In Tsarist Russia, the Russian bourgeoisie, being too weak and dependent on the semi-feudal state, were unable or unwilling to complete the bourgeois-democratic revolution. This left the proletariat as a small minority, with the vast majority peasants. The peasantry wavers on revolution, it either gets behind revolution or counterrevolution. They were either going to follow the proletariat or the bourgeoisie. The minimum program of the Bolsheviks before 1917 was to have a bourgeois-democratic revolution. This would lead to what Lenin called the democratic-dictatorship the proletariat and peasantry.

The proletariat, being a small minority in Russia, had to form an alliance with the peasantry. They overthrew the Tsar and carried out the bourgeois-democratic revolution, instead of the bourgeoisie, in the 1917 February Revolution. And the proletariat didn't stop, moving on to the maximum program of a proletarian socialist revolution in the October Revolution and establishing a dictatorship of the proletariat in alliance with the poor peasantry that same year.

In the case of China, it was a semi-feudal, semi-colonial country. Imperialism was keeping China underdeveloped and propping up backward element like the puppet-capitalists and landlords. Because of imperialism and its low level of developement, the proletariat was a minority. The workers couldn't fight imperialism alone, they needed an alliance with the peasantry.
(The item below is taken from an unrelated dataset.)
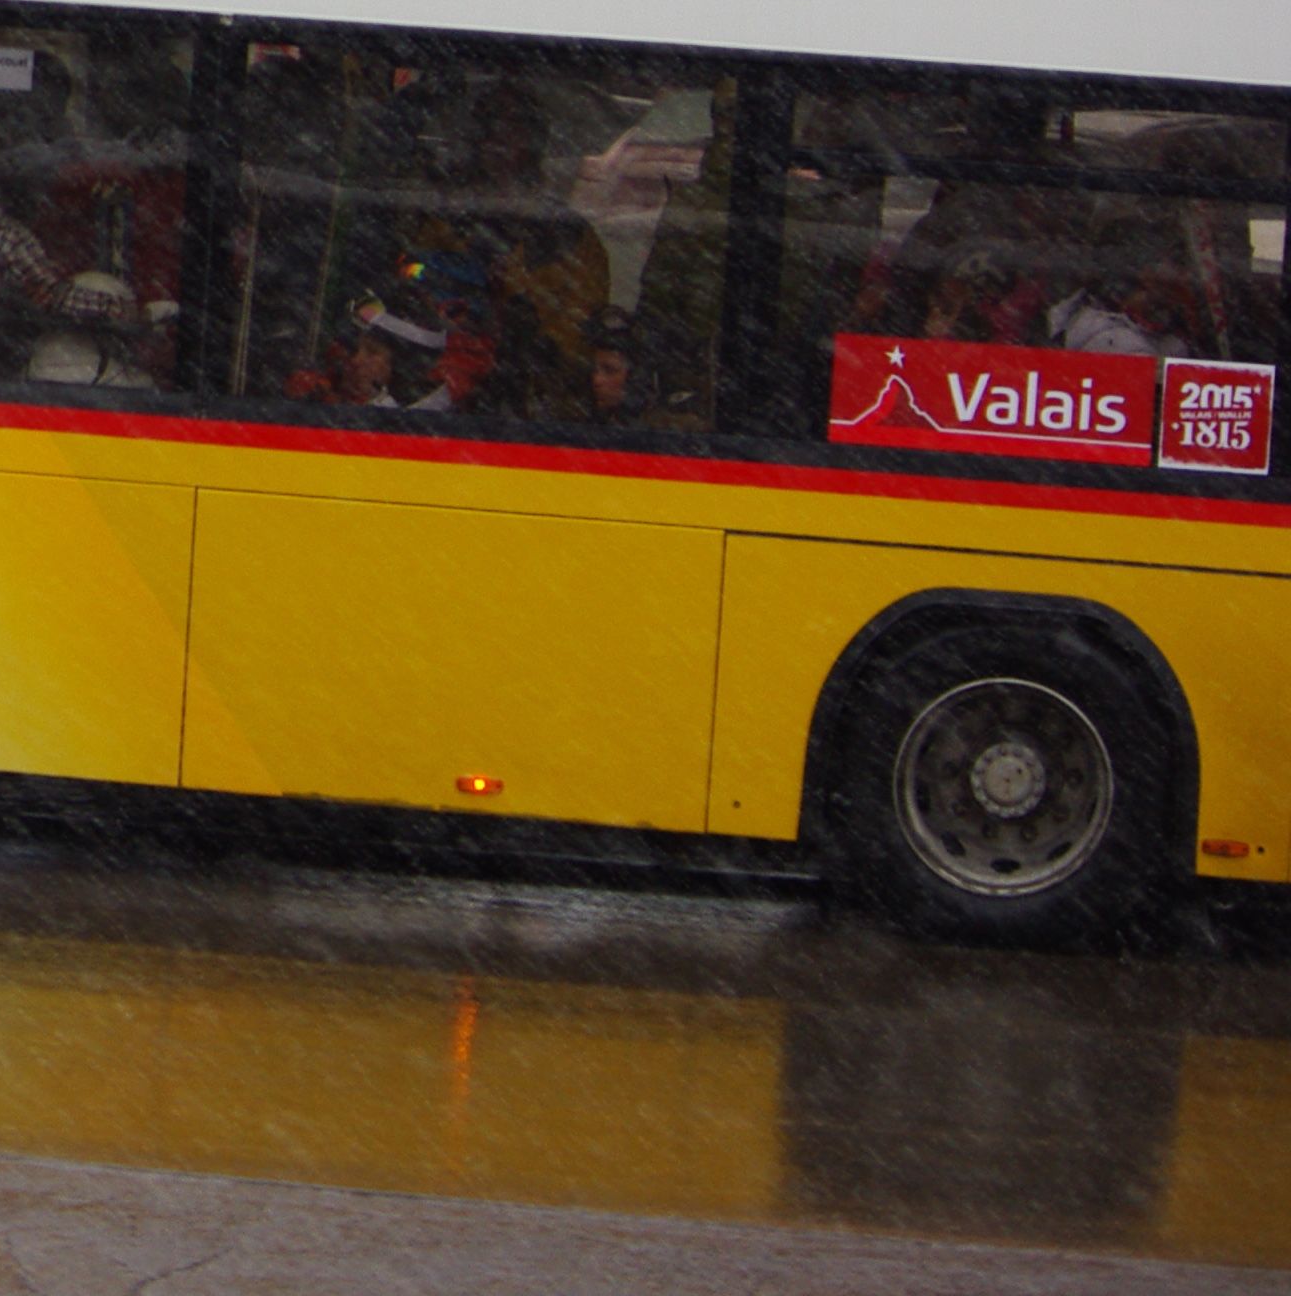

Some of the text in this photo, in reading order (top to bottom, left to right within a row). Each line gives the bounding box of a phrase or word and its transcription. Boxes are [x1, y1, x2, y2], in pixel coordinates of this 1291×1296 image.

[947, 371, 1126, 435] Valais
[1179, 382, 1254, 410] 2015
[1179, 420, 1252, 450] 1815
The proletariat, in alliance with the peasantry and other oppressed classes, was tasked with fighting imperialism and semi-feudalism for a bourgeois-democratic revolution. The revolution against first Imperial Japan and later the imperialist puppets the KMT, was to carry out the bourgeois-democratic revolution. This completed the minimum program for a democratic-dictatorship(New Democracy) led by the proletariat, which was supposed to move uninterrupted into a dictatorship of the proletariat(maximum program), which began in the early 50s against the KMT hold-outs and the national bourgeoisie. The Great Proletarian Cultural Revolution was to finally rid the superstructure of capitalism. Sadly, it clearly wasn't enough.